● **What is being asked**
In your reply, print every line of the listing exactly and omit all images.

● **Dataset excerpts**
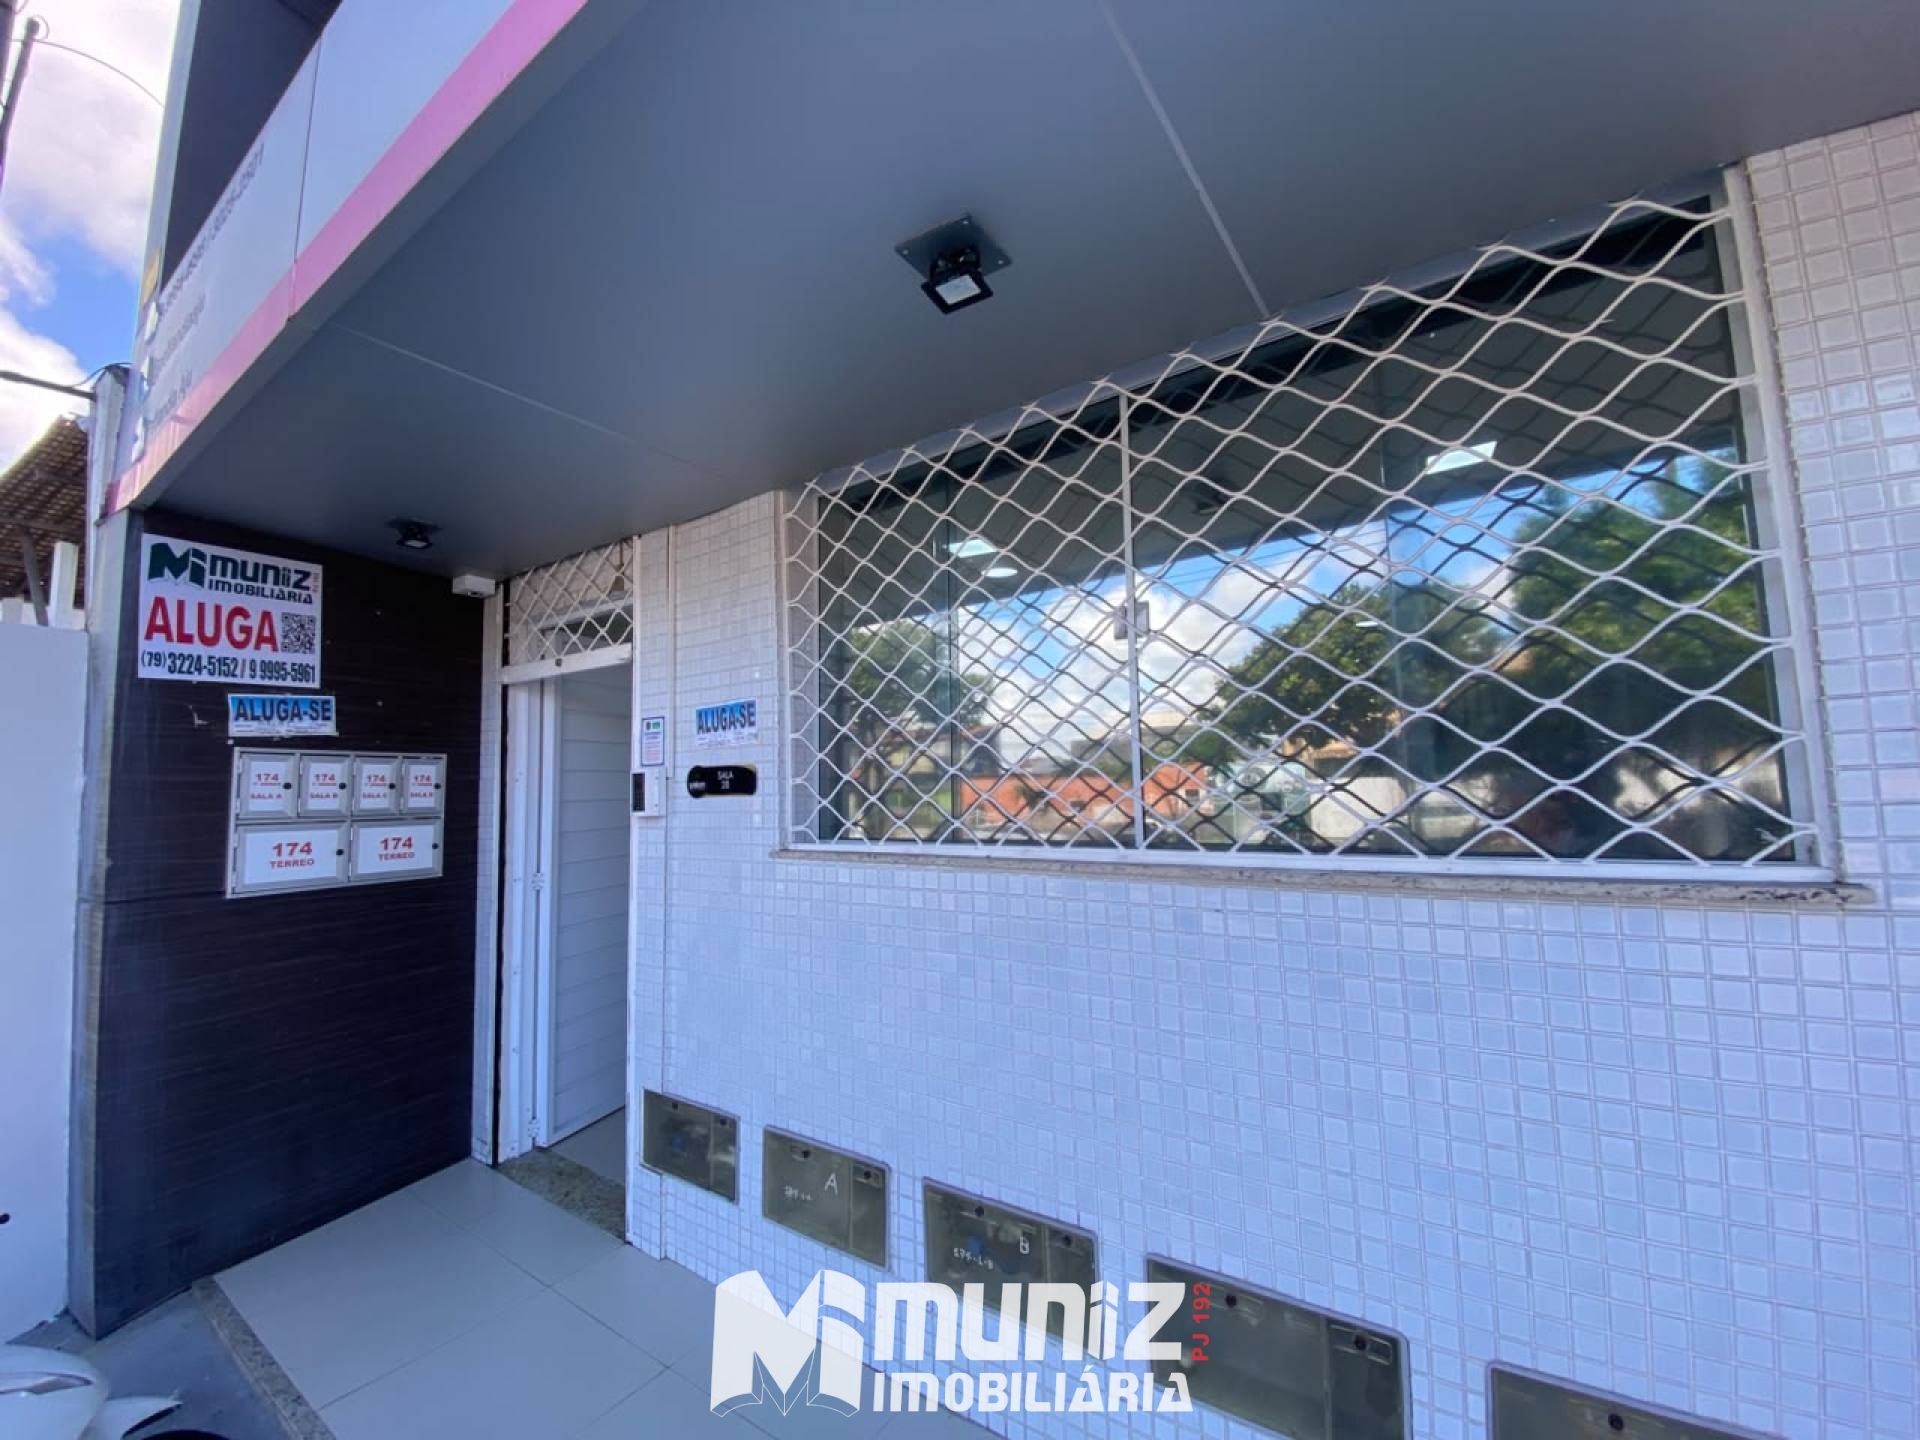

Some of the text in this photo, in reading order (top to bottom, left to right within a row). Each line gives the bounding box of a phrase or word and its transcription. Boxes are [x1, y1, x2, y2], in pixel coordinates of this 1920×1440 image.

[144, 596, 279, 652] ALUGA
[141, 650, 166, 668] (79)
[168, 652, 239, 679] 3224-5152
[249, 658, 256, 679] 9
[260, 659, 316, 683] 9995-5961
[234, 698, 332, 721] ALUGA-SE
[697, 702, 756, 735] ALUGA-SE
[256, 773, 280, 782] 174
[315, 773, 336, 782] 174
[367, 774, 385, 783] 174
[414, 774, 432, 783] 174
[272, 842, 313, 857] 174
[381, 837, 413, 850] 174
[824, 1172, 839, 1196] A

● **Problem solution**
Some of the text in this photo, in reading order (top to bottom, left to right within a row). Each line gives the bounding box of a phrase or word and its transcription. Boxes are [x1, y1, x2, y2], in pixel coordinates of this 1920×1440 image.

[144, 596, 279, 652] ALUGA
[141, 650, 166, 668] (79)
[168, 652, 239, 679] 3224-5152
[249, 658, 256, 679] 9
[260, 659, 316, 683] 9995-5961
[234, 698, 332, 721] ALUGA-SE
[697, 702, 756, 735] ALUGA-SE
[256, 773, 280, 782] 174
[315, 773, 336, 782] 174
[367, 774, 385, 783] 174
[414, 774, 432, 783] 174
[272, 842, 313, 857] 174
[381, 837, 413, 850] 174
[824, 1172, 839, 1196] A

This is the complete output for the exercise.